Oh, and I also LOATHE getting up early...especially on a Sunday morning.
So yesterday's Cub Scout hike was a bit of a mixed bag of experiences for me. There was a lot of the dirty/sweaty stuff and not nearly enough of the wildlife or breathtaking views part.
And after two and a half hours, I was pretty much done. Especially since we were given a choice of turning around at that point or continuing on for another hour that was going to be ALL UPHILL.
Yeah, I'll let you guess which one I chose. I was the only one who wanted to turn back - it was so humiliating.
But in my defense, I was the ONLY MOM who got up at oh-dark-thirty on a Sunday and came out to the hike at all. The rest of 'em stayed home and sent their husbands on the trek. Since I don't have one of those any more, I got stuck with the job.
And I was D-O-N-E. Once again, I do NOT win the Mom of the Year prize.
Anyway, here are a few highlights of what it's like to hike in Laguna Canyon at a ridiculous hour on a Sunday morning in the fall:
I know, you're wondering why I took a picture of this half-dead bush. It's definitely at the end of its season (and we're in a terrible drought anyway) so not many flowers left, but during the right time of year, it's supposed to be lovely. But the real reason I took a picture of it was the name of the plant. It's called the "Sticky Monkey Face" plant. And I just wanted to be able to write that in my blog because I am 12 years old and find that kind of stuff funny.
One of the most predominant plants in the area are Liveoaks. And, with oaks, you get acorns. They were a principle food source for the Native American tribes who originally lived in this area. However, since acorns are actually poisonous, they had to go through a laborious process to get the poison out of the ground nuts before they could use the flour. Or at least that's what I vaguely remember from my 4th grade social studies project.
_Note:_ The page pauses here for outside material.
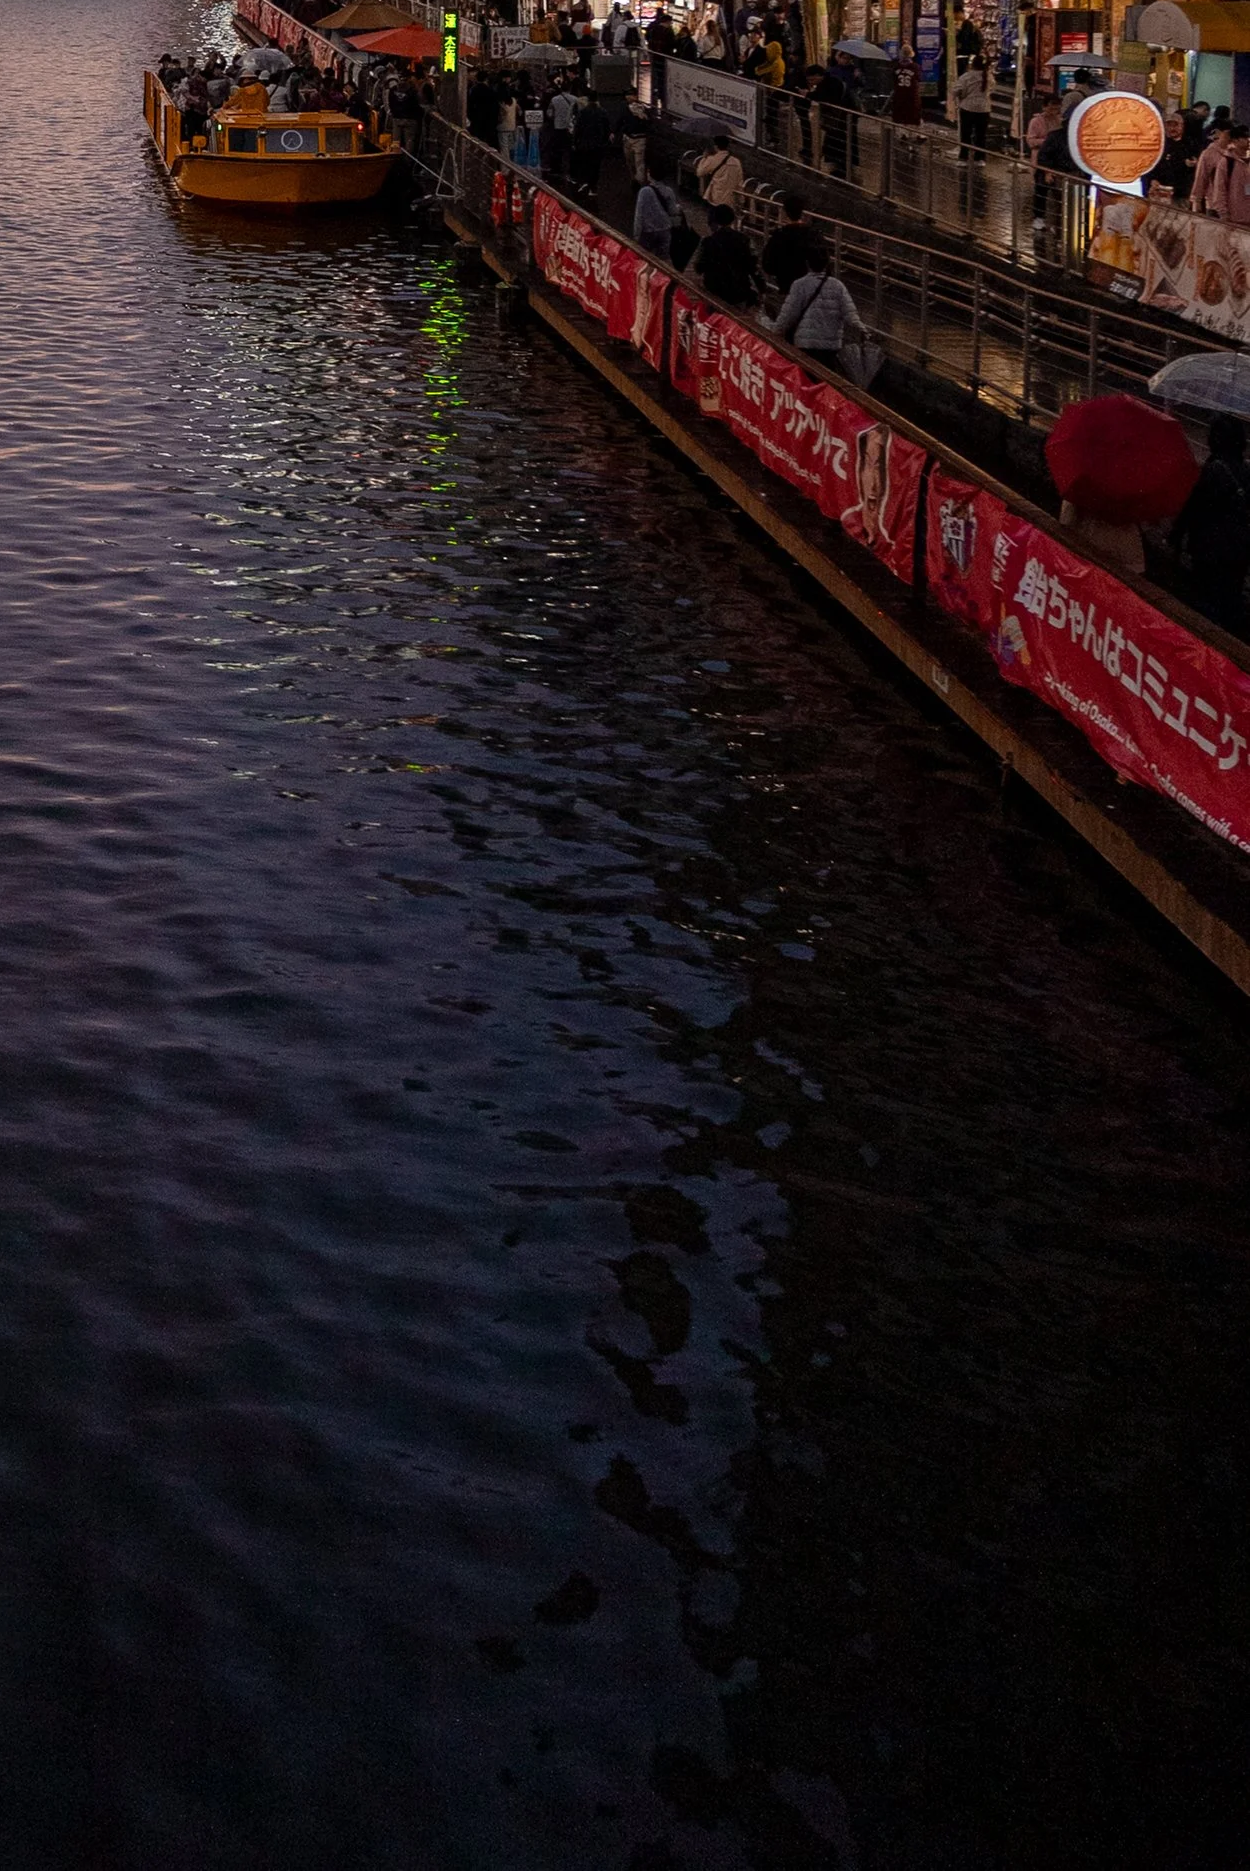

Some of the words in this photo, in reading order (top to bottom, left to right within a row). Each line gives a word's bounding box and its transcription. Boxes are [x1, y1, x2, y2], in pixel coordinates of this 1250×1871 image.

That tree is kind of in the way, but I tried to get a picture of one of the many rock caves in the area. We stayed away from most of them as they make good daytime resting places for things like coyotes and bobcats. And possibly mountain lions although there's never been a confirmed sighting in this particular park.
No way to know for sure who's home right now, but we did see coyote tracks and scat along a trail leading up to this cave.
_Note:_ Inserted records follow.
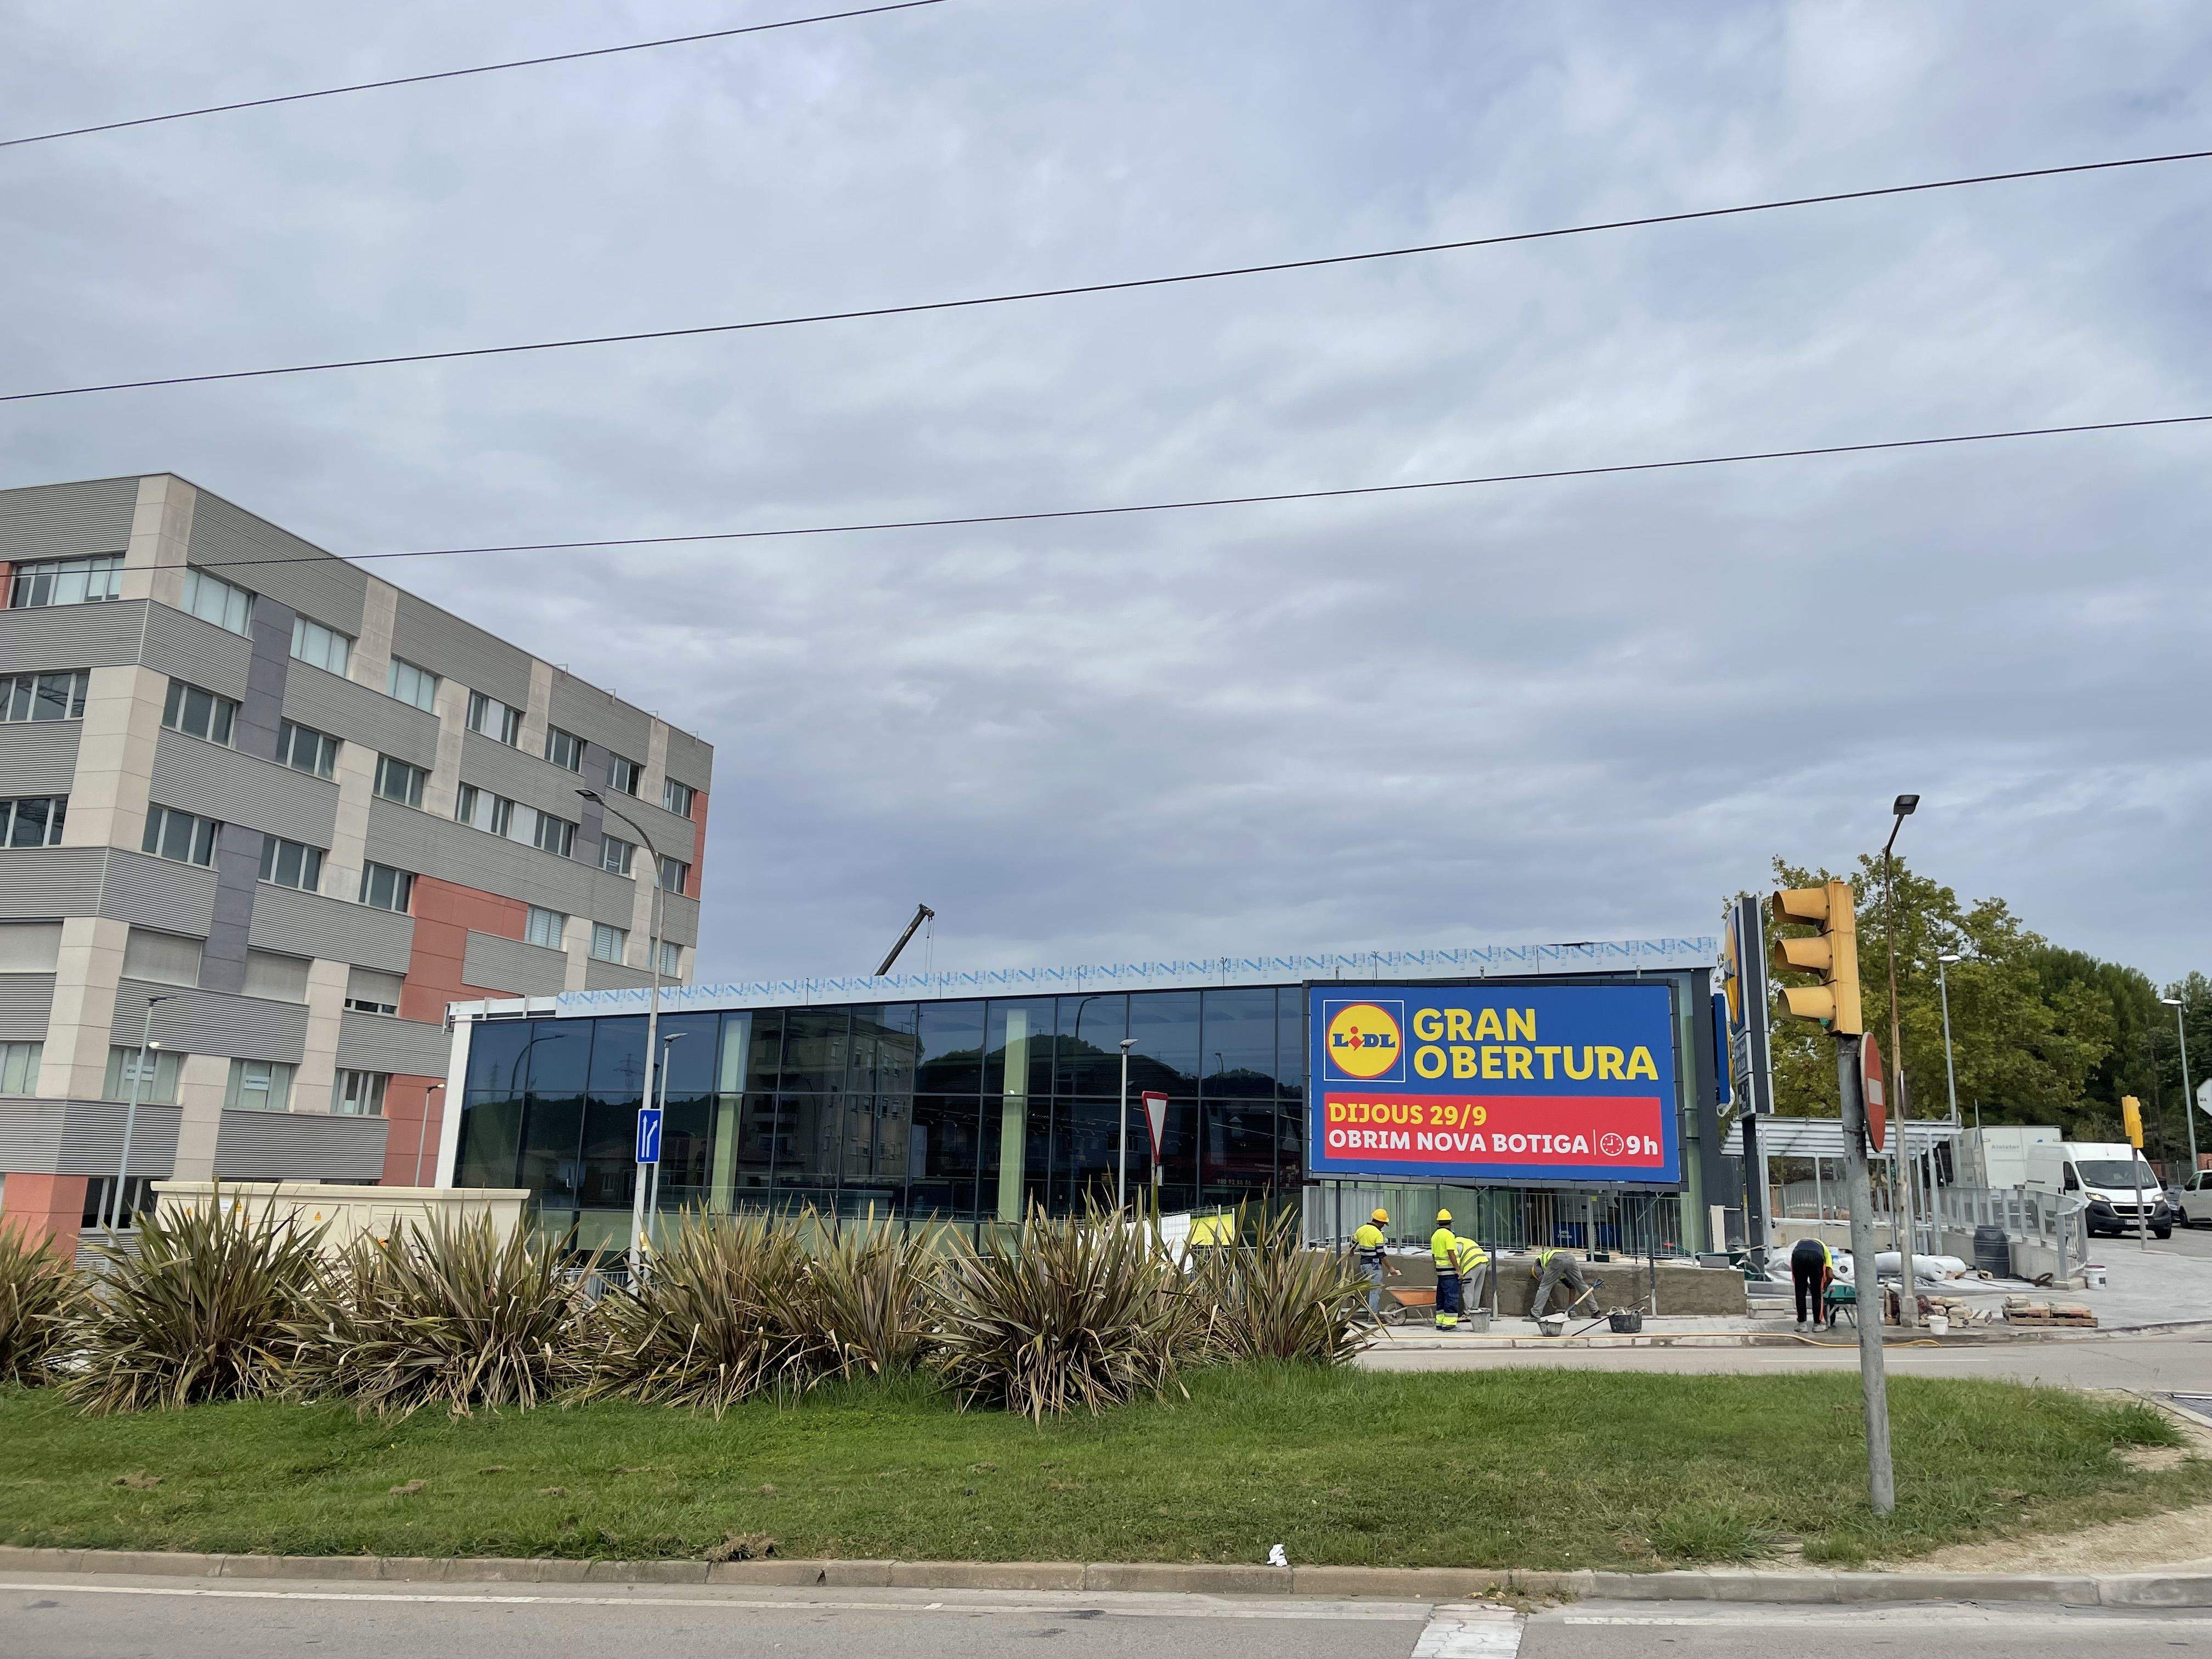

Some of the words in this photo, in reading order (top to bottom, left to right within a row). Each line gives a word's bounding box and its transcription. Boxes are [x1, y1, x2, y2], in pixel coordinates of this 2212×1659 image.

[1414, 1009, 1535, 1041] GRAN
[1415, 1046, 1657, 1080] OBERTURA
[1329, 1103, 1423, 1124] DIJOUS
[1431, 1104, 1486, 1128] 29/9
[1329, 1130, 1409, 1149] OBRIM
[1418, 1132, 1486, 1151] NOVA
[1492, 1134, 1588, 1153] BOTIGA
This particular cave was right by the trailhead and mostly open on two sides so it was deemed "safe" and all the kids had to crawl through it, of course.
I know you've all heard about California earthquakes, right? Well, this is what causes 'em: an earthquake fault. This is a bitty baby one, but I thought it was kinda cool to see one up close. It actively moves a small amount each year.
This entire area was once an underwater reef and over the years, a lot of fossils have been uncovered. When I was a kid, they found an entire skeleton of a pre-historic whale and somewhere at my parents' house is a container of fossilized shark's teeth that I collected when I was about 10 or so. This picture is of a boulder that contains fossilized clam shells.
Somewhere, a snake is a little bit bigger today than he or she was yesterday. We have a lot of snakes around here including three different species of rattlesnakes. There are also king and garter snakes. The guide thought this was probably from a garter snake.
Okay, writing about the hike was a lot more fun than actually going on it LOL!
Hope everyone else had a great weekend. Tonight, I'm taking my son on his first "dinner date." With triplet girls. What can I say, the kid is a chick magnet LOL!
Tomorrow, back to the beads (and any funny kid stories that I get out of dinner tonight).